* Data records:
====

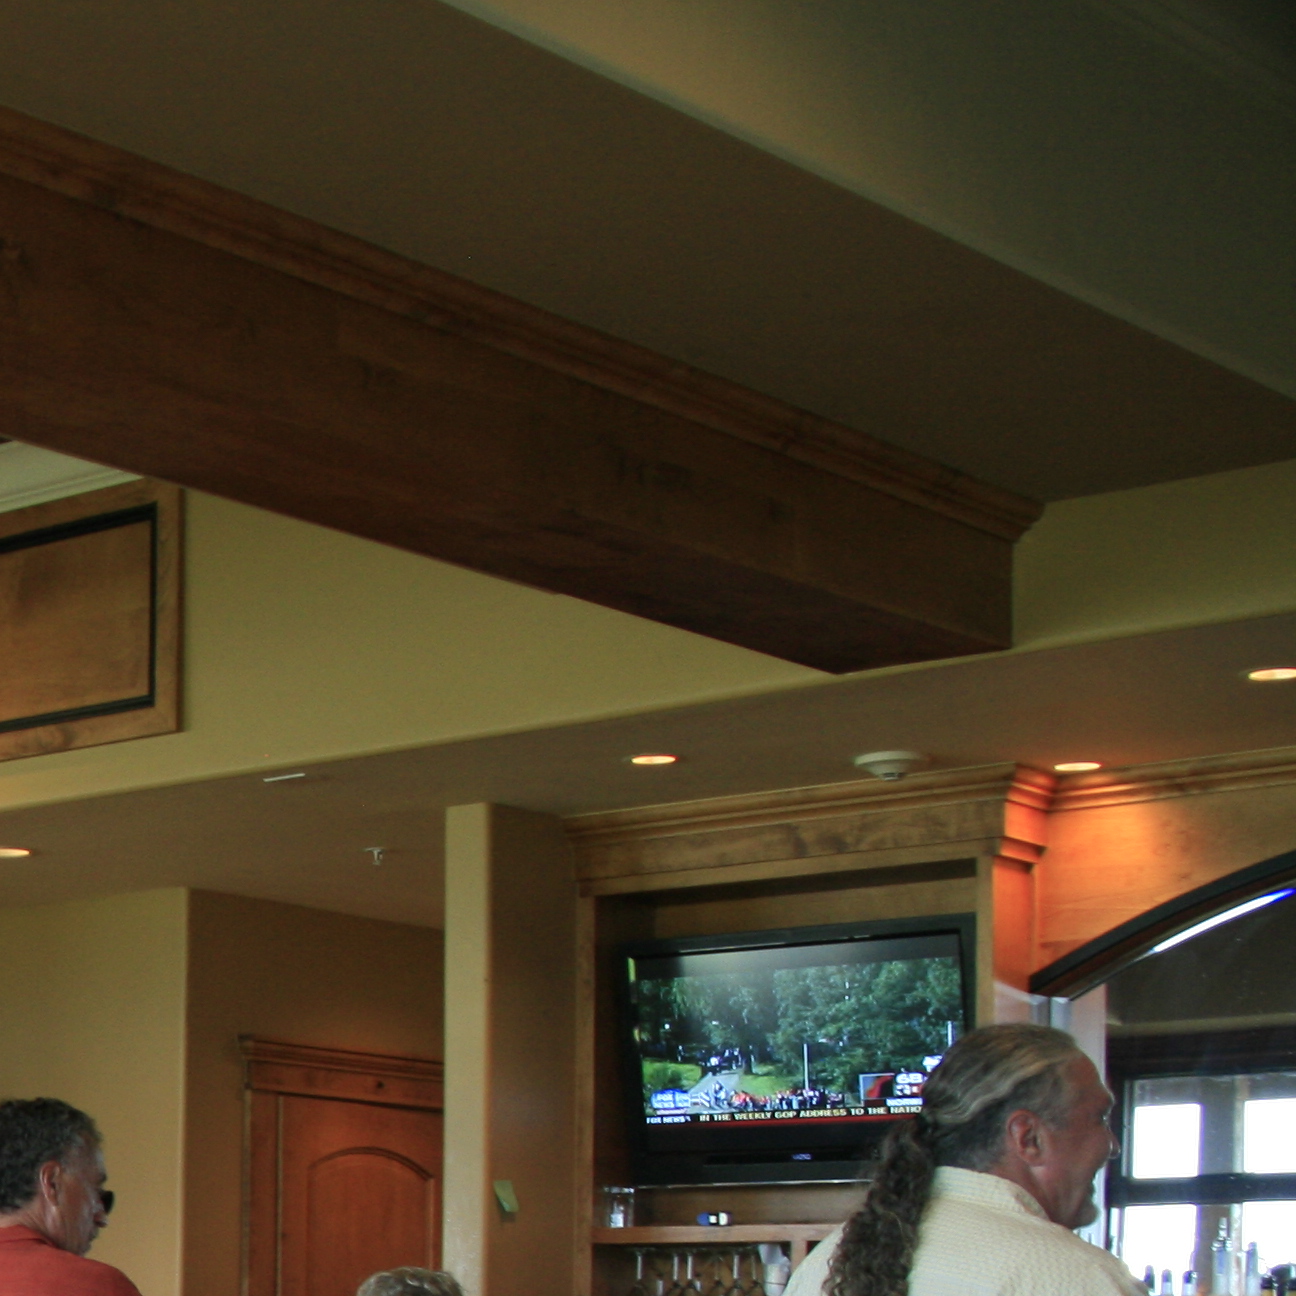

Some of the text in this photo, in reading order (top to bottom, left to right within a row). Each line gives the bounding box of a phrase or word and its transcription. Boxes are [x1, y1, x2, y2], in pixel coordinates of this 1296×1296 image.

[713, 1113, 731, 1121] THE
[734, 1111, 772, 1120] WEEKLY
[774, 1110, 797, 1119] GOP
[799, 1109, 847, 1118] ADDRESS
[850, 1108, 865, 1116] TO
[867, 1107, 888, 1115] THE
[890, 1106, 923, 1114] NATIO

====

Without the pictures, write out every entry precisely as it appears.

* Result of the exercise:
Some of the text in this photo, in reading order (top to bottom, left to right within a row). Each line gives the bounding box of a phrase or word and its transcription. Boxes are [x1, y1, x2, y2], in pixel coordinates of this 1296×1296 image.

[713, 1113, 731, 1121] THE
[734, 1111, 772, 1120] WEEKLY
[774, 1110, 797, 1119] GOP
[799, 1109, 847, 1118] ADDRESS
[850, 1108, 865, 1116] TO
[867, 1107, 888, 1115] THE
[890, 1106, 923, 1114] NATIO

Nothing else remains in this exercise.